Chris Tillman wrote:
> Would it be worthwhile to standardize on 1 kernel floppy, 1 root
> floppy, with strictly minimal stuff on the root system just to be
> able to access floppies/CDs and start the installer, and then put off
> any remaining floppy involvement until after boot is complete - to
> load any other needed modules for specific cases as needed.

Do note that there are some machines (certain USB floppy drives in my
experience) where the kernel is not able to read a root filesystem off
a second floppy[1], but a root on the same floppy works since the loader
uses the BIOS to read the initrd.

> Even on architectures where the kernel and root fits on 1 floppy, I
> think it would be worthwhile code-wise to standardize on 2. How many
> people are actually going to burn floppies? And 2 is not much harder
> than 1. That way, our code can be modular, our instructions can be
> consistent, etc. Additional floppies or a CD would also be required
> for additional language support beyond choosing the language.

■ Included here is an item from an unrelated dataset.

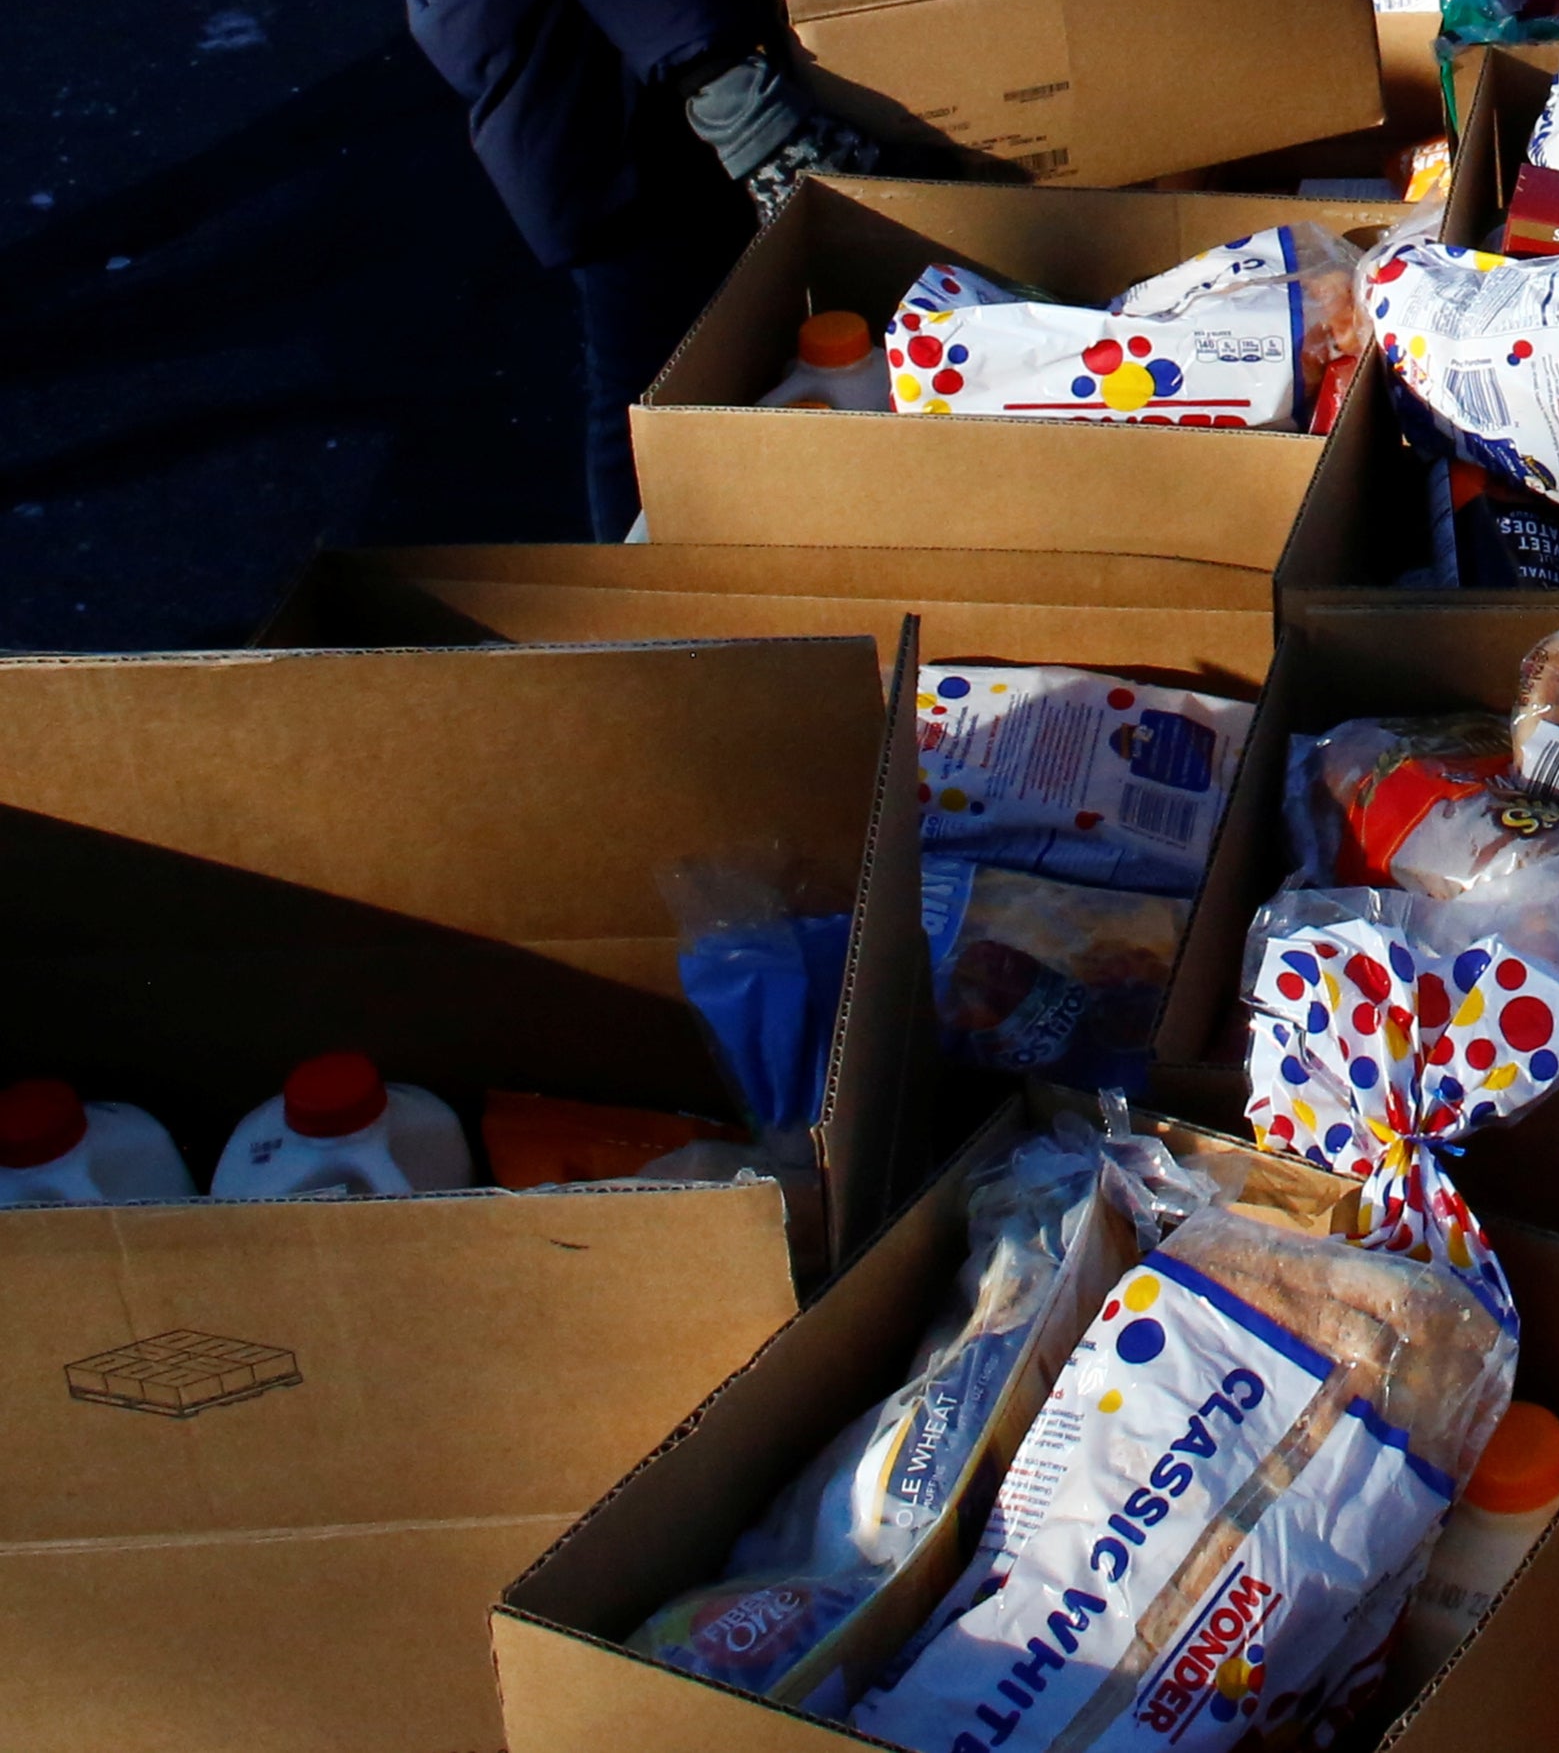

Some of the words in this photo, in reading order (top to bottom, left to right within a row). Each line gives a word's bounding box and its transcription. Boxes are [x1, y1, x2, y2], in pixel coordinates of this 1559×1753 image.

[914, 1391, 961, 1481] WHEAT
[1093, 1368, 1266, 1583] CLASSIC
[1149, 1573, 1273, 1734] WONDER

d-i's modular code is the only reason we have any hope of fitting it on
one floppy at all. I don't see how two floppies improves modularity.
Instructions that leave a set of systems uninstallable are probably
worse than mildly complicated ones, especially if the install manual for
d-i is generated on a per-arch basis, so the number of floppies to burn
can be substituted in at build time. Two floppies are really much harder to
manage than one[2], for the user.

I'm not so attached to a single floppy install that I'd advocate making
the installer worse in general for it, but there seem to be plenty of
avenues left if the floppy is almost full:

- trim fat (stuff that has wandered into the image and need not be
  there, stuff not built with -Os, stuff that needs a redesign anyway)
- switch to a smaller libc, such as uclibc
- find a better filesystem/compression for the initrd
- change the build system to produce two or three specialized floppy
  images (for install over network only, over cd only, with floppies
  only) with different mixes of udebs on them

I think that the one floppy size constraint has helped keep d-i small
and light, and I have not seen undue stressing about size constraints on
this list. When it does come up, as in the first mail on this thread it
is someone noticing some breakage in the system, like libc reduction not
working right, or cdebconf.udeb being built with an extra frontend that
really needs to be in its own udeb.

The one floppy constraint has led to some IMHO good design choices
throughout d-i, including:

- udebs
- use of frontend and backend modules for cdebconf

If we didn't have a size constriant, this project could easily look a
lot more like PGI.

-- 
see shy jo

[1] For exmple, my picturebook (RIP) had a usb floppy with no kernel
    driver. Even if it had a driver, it would be interesting to make the
    kernel load a filesystem from a USB floppy on boot, without hotplug
    and so on being available.
[2] Much as the boot-floppies 6 floppy set used to be a ton harder to
    deal with than are the 1 or 2 peices of install media most people
    install with today. And not just 6x as hard either..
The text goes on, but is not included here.